## EXERCISE DETAILS
Print the whole listing, unchanged.

## DATASET RECORDS
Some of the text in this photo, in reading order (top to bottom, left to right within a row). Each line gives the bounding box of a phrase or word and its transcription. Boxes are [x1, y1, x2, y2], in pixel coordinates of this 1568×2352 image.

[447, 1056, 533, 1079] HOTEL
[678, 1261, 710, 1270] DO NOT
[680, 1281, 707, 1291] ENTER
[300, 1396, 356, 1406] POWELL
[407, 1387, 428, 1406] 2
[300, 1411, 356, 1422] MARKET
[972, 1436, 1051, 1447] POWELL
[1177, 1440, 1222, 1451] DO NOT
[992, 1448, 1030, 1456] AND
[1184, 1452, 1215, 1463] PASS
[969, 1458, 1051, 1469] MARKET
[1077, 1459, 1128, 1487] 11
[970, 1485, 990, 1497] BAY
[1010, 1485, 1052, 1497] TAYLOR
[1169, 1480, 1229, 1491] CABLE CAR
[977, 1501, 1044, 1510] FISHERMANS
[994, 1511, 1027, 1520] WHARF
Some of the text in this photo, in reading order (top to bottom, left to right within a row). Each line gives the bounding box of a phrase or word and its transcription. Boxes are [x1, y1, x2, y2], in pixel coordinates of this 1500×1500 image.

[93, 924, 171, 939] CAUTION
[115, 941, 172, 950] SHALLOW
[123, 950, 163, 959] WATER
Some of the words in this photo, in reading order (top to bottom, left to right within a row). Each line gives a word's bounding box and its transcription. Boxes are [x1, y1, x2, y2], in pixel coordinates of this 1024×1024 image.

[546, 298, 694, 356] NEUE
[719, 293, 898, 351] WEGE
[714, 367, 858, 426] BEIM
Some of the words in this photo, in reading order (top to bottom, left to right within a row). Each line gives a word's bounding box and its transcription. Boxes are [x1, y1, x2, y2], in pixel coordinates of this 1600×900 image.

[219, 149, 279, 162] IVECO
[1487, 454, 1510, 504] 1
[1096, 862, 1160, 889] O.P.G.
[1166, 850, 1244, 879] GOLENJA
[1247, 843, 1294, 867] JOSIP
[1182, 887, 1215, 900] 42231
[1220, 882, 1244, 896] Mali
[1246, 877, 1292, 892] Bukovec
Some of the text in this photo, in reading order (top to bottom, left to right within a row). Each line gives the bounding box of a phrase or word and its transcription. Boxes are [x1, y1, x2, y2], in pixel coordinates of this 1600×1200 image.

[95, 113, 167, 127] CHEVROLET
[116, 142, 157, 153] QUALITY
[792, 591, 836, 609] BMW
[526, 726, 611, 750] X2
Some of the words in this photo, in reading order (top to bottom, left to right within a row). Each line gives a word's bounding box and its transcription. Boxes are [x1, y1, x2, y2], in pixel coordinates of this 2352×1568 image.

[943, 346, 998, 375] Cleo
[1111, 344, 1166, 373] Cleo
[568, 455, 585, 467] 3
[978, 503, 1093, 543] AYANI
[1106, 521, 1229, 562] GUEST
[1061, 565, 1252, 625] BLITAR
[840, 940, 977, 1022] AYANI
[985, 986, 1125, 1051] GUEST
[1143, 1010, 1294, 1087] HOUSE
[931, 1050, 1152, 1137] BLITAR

## EXERCISE RESULT
Some of the text in this photo, in reading order (top to bottom, left to right within a row). Each line gives the bounding box of a phrase or word and its transcription. Boxes are [x1, y1, x2, y2], in pixel coordinates of this 1568×2352 image.

[447, 1056, 533, 1079] HOTEL
[678, 1261, 710, 1270] DO NOT
[680, 1281, 707, 1291] ENTER
[300, 1396, 356, 1406] POWELL
[407, 1387, 428, 1406] 2
[300, 1411, 356, 1422] MARKET
[972, 1436, 1051, 1447] POWELL
[1177, 1440, 1222, 1451] DO NOT
[992, 1448, 1030, 1456] AND
[1184, 1452, 1215, 1463] PASS
[969, 1458, 1051, 1469] MARKET
[1077, 1459, 1128, 1487] 11
[970, 1485, 990, 1497] BAY
[1010, 1485, 1052, 1497] TAYLOR
[1169, 1480, 1229, 1491] CABLE CAR
[977, 1501, 1044, 1510] FISHERMANS
[994, 1511, 1027, 1520] WHARF
Some of the text in this photo, in reading order (top to bottom, left to right within a row). Each line gives the bounding box of a phrase or word and its transcription. Boxes are [x1, y1, x2, y2], in pixel coordinates of this 1500×1500 image.

[93, 924, 171, 939] CAUTION
[115, 941, 172, 950] SHALLOW
[123, 950, 163, 959] WATER
Some of the words in this photo, in reading order (top to bottom, left to right within a row). Each line gives a word's bounding box and its transcription. Boxes are [x1, y1, x2, y2], in pixel coordinates of this 1024×1024 image.

[546, 298, 694, 356] NEUE
[719, 293, 898, 351] WEGE
[714, 367, 858, 426] BEIM
Some of the words in this photo, in reading order (top to bottom, left to right within a row). Each line gives a word's bounding box and its transcription. Boxes are [x1, y1, x2, y2], in pixel coordinates of this 1600×900 image.

[219, 149, 279, 162] IVECO
[1487, 454, 1510, 504] 1
[1096, 862, 1160, 889] O.P.G.
[1166, 850, 1244, 879] GOLENJA
[1247, 843, 1294, 867] JOSIP
[1182, 887, 1215, 900] 42231
[1220, 882, 1244, 896] Mali
[1246, 877, 1292, 892] Bukovec
Some of the text in this photo, in reading order (top to bottom, left to right within a row). Each line gives the bounding box of a phrase or word and its transcription. Boxes are [x1, y1, x2, y2], in pixel coordinates of this 1600×1200 image.

[95, 113, 167, 127] CHEVROLET
[116, 142, 157, 153] QUALITY
[792, 591, 836, 609] BMW
[526, 726, 611, 750] X2
Some of the words in this photo, in reading order (top to bottom, left to right within a row). Each line gives a word's bounding box and its transcription. Boxes are [x1, y1, x2, y2], in pixel coordinates of this 2352×1568 image.

[943, 346, 998, 375] Cleo
[1111, 344, 1166, 373] Cleo
[568, 455, 585, 467] 3
[978, 503, 1093, 543] AYANI
[1106, 521, 1229, 562] GUEST
[1061, 565, 1252, 625] BLITAR
[840, 940, 977, 1022] AYANI
[985, 986, 1125, 1051] GUEST
[1143, 1010, 1294, 1087] HOUSE
[931, 1050, 1152, 1137] BLITAR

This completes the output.